##### Recorded information #####

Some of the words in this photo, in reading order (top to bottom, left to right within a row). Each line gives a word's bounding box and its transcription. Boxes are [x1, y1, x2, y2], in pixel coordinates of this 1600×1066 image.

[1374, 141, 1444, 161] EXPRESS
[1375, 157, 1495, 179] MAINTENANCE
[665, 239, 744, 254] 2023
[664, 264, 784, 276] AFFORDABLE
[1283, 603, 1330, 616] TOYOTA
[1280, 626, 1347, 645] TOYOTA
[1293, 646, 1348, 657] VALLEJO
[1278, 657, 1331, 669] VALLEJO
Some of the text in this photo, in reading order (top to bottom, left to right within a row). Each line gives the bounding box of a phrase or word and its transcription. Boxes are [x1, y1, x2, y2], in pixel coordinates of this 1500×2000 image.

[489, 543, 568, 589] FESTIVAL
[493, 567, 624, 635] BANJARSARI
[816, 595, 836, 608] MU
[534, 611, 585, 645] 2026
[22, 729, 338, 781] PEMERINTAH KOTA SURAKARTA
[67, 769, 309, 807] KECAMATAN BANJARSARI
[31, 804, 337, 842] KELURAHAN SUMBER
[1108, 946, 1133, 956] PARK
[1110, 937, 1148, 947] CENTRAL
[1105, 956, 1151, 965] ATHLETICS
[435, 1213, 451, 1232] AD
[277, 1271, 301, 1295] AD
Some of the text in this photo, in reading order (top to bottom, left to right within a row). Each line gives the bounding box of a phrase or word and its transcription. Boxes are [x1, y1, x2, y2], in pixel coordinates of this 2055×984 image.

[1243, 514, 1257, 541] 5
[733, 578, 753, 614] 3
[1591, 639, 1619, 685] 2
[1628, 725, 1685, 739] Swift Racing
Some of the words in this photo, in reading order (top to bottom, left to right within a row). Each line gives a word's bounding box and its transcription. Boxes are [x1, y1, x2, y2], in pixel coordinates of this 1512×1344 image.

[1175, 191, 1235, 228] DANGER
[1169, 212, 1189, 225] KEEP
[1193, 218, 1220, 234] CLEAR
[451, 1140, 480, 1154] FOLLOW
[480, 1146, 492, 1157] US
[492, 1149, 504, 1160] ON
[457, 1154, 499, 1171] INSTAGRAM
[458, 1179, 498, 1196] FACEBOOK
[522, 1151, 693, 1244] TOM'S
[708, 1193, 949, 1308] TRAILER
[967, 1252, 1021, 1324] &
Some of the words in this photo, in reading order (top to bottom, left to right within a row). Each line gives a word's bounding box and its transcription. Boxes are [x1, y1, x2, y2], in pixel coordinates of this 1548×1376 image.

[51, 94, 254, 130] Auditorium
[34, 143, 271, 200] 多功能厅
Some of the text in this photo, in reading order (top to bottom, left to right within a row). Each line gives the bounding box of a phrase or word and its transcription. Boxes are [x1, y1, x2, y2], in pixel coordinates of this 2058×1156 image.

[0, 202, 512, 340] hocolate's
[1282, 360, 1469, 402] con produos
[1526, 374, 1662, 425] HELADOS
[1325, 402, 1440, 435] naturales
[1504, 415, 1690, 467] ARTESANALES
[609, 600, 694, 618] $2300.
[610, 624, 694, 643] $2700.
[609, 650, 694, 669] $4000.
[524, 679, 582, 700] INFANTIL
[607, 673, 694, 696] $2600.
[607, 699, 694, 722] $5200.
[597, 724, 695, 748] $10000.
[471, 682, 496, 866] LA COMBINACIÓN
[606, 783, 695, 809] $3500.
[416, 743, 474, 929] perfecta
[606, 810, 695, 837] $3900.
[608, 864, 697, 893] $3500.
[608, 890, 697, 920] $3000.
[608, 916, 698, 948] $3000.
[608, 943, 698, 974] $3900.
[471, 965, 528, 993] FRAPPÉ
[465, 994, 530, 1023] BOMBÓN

#####

Task requirements :: Repeat the records above exactly, leaving none out.

Answer below ::
Some of the words in this photo, in reading order (top to bottom, left to right within a row). Each line gives a word's bounding box and its transcription. Boxes are [x1, y1, x2, y2], in pixel coordinates of this 1600×1066 image.

[1374, 141, 1444, 161] EXPRESS
[1375, 157, 1495, 179] MAINTENANCE
[665, 239, 744, 254] 2023
[664, 264, 784, 276] AFFORDABLE
[1283, 603, 1330, 616] TOYOTA
[1280, 626, 1347, 645] TOYOTA
[1293, 646, 1348, 657] VALLEJO
[1278, 657, 1331, 669] VALLEJO
Some of the text in this photo, in reading order (top to bottom, left to right within a row). Each line gives the bounding box of a phrase or word and its transcription. Boxes are [x1, y1, x2, y2], in pixel coordinates of this 1500×2000 image.

[489, 543, 568, 589] FESTIVAL
[493, 567, 624, 635] BANJARSARI
[816, 595, 836, 608] MU
[534, 611, 585, 645] 2026
[22, 729, 338, 781] PEMERINTAH KOTA SURAKARTA
[67, 769, 309, 807] KECAMATAN BANJARSARI
[31, 804, 337, 842] KELURAHAN SUMBER
[1108, 946, 1133, 956] PARK
[1110, 937, 1148, 947] CENTRAL
[1105, 956, 1151, 965] ATHLETICS
[435, 1213, 451, 1232] AD
[277, 1271, 301, 1295] AD
Some of the text in this photo, in reading order (top to bottom, left to right within a row). Each line gives the bounding box of a phrase or word and its transcription. Boxes are [x1, y1, x2, y2], in pixel coordinates of this 2055×984 image.

[1243, 514, 1257, 541] 5
[733, 578, 753, 614] 3
[1591, 639, 1619, 685] 2
[1628, 725, 1685, 739] Swift Racing
Some of the words in this photo, in reading order (top to bottom, left to right within a row). Each line gives a word's bounding box and its transcription. Boxes are [x1, y1, x2, y2], in pixel coordinates of this 1512×1344 image.

[1175, 191, 1235, 228] DANGER
[1169, 212, 1189, 225] KEEP
[1193, 218, 1220, 234] CLEAR
[451, 1140, 480, 1154] FOLLOW
[480, 1146, 492, 1157] US
[492, 1149, 504, 1160] ON
[457, 1154, 499, 1171] INSTAGRAM
[458, 1179, 498, 1196] FACEBOOK
[522, 1151, 693, 1244] TOM'S
[708, 1193, 949, 1308] TRAILER
[967, 1252, 1021, 1324] &
Some of the words in this photo, in reading order (top to bottom, left to right within a row). Each line gives a word's bounding box and its transcription. Boxes are [x1, y1, x2, y2], in pixel coordinates of this 1548×1376 image.

[51, 94, 254, 130] Auditorium
[34, 143, 271, 200] 多功能厅
Some of the text in this photo, in reading order (top to bottom, left to right within a row). Each line gives the bounding box of a phrase or word and its transcription. Boxes are [x1, y1, x2, y2], in pixel coordinates of this 2058×1156 image.

[0, 202, 512, 340] hocolate's
[1282, 360, 1469, 402] con produos
[1526, 374, 1662, 425] HELADOS
[1325, 402, 1440, 435] naturales
[1504, 415, 1690, 467] ARTESANALES
[609, 600, 694, 618] $2300.
[610, 624, 694, 643] $2700.
[609, 650, 694, 669] $4000.
[524, 679, 582, 700] INFANTIL
[607, 673, 694, 696] $2600.
[607, 699, 694, 722] $5200.
[597, 724, 695, 748] $10000.
[471, 682, 496, 866] LA COMBINACIÓN
[606, 783, 695, 809] $3500.
[416, 743, 474, 929] perfecta
[606, 810, 695, 837] $3900.
[608, 864, 697, 893] $3500.
[608, 890, 697, 920] $3000.
[608, 916, 698, 948] $3000.
[608, 943, 698, 974] $3900.
[471, 965, 528, 993] FRAPPÉ
[465, 994, 530, 1023] BOMBÓN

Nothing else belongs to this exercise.